Need advice regarding testing and treatment

I have suffered from exhaustion and depression since puberty, neither of which were treated for thirty years. I was then diagnosed with post-partum thyroiditis in 2009 and eventually Hashimotos disease. I also suffer from other autoimmune conditions - vitiligo, Raynaud's disease, and eczema caused by a gluten allergy (I do not have antibodies indicative of Celiac disease, so this is not diagnosed).

I was treated with Levothyroxin from 2009, but I elected to come off in 2011 as I believed I was severly over-medicated (T4 20 and TSH <1 and suffering from sweats, palpitations and insomnia). My GP then left the practice and since then I have not encountered a GP who will consider treating with Levothyroxin despite continued low mood and exhaustion and now being medicated with 40mg pd of citatlopram (SSRI for depression). I have been completely glutenfree for 4 and a half years. I have also had a number of extensive courses of CBT and psychological support for the last 5 years and have meditated every day for the last 2 and a half years. I take 3,000 IU of vitamin D daily.

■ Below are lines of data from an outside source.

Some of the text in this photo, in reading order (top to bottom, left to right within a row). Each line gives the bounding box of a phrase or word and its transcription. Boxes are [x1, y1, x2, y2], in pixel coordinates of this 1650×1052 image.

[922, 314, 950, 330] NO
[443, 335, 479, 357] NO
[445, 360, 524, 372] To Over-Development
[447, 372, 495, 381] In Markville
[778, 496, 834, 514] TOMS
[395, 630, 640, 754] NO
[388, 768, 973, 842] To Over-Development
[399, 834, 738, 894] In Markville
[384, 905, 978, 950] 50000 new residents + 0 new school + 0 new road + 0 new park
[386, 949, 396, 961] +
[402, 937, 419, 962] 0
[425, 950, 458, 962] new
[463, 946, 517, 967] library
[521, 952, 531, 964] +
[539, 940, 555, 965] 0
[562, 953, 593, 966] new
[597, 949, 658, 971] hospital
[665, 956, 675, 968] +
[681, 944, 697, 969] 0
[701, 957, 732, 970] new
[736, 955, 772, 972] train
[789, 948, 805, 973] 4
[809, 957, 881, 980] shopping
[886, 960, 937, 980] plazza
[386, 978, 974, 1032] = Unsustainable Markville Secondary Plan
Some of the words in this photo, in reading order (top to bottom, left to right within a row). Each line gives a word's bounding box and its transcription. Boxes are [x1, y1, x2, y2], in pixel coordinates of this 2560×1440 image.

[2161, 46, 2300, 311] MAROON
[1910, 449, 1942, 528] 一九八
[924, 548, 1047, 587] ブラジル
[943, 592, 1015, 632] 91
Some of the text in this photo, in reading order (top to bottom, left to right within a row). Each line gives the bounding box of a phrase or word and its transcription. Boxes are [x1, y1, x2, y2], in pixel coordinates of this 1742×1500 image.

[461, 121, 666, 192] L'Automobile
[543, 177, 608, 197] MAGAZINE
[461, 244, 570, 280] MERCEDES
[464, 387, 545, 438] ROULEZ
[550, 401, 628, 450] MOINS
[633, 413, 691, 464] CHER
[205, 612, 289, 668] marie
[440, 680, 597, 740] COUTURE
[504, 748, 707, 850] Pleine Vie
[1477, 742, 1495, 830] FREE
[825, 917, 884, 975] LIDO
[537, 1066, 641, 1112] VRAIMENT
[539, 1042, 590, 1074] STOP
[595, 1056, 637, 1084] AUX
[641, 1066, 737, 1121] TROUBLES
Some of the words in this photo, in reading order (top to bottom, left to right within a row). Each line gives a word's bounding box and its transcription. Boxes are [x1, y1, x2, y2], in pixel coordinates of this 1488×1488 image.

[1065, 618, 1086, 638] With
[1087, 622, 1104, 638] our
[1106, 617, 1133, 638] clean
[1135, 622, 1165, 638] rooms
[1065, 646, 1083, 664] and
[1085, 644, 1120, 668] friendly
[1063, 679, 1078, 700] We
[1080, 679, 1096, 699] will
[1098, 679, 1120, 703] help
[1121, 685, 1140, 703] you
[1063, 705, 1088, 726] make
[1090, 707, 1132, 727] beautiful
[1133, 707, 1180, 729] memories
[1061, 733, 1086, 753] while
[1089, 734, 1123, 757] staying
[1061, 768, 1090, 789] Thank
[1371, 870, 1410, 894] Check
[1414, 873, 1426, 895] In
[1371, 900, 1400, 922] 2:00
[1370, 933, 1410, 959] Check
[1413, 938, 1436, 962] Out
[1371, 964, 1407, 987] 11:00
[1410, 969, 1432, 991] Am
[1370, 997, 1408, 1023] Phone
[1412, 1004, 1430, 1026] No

I am not prepared to accept that I am 'just' depressed and to remain this way for the rest of my life. I am sure that my condition is physical and that thyroid function has a part to play. My GP refuses to refer me to a consultant or to treat me as my tests are in the normal range (T4 12-17, TSH 1.5 - 3). She insists that as this is the case, I am suffering solely from depression.

I would be very grateful for any advice.

I have posted separately that I am intending to see Proff Grossman privately, but would also welcome any recommendations from members about other doctors in or around London who would be willing to test further and are willing and able to prescribe T4/T3 although I am 'well'.

Many thanks all,

Exhausted Mum

8 Replies

  • It's a pity doctors are so badly informed about the thyroid gland and medicate us according to the whereabouts of the blood test results on a piece of paper. It was best before levo was introduced along with blood tests, we were then given NDT due to our symptoms alone - doctors do not have that skill these days, unfortunately. If they do follow that method they will probably lose their licence.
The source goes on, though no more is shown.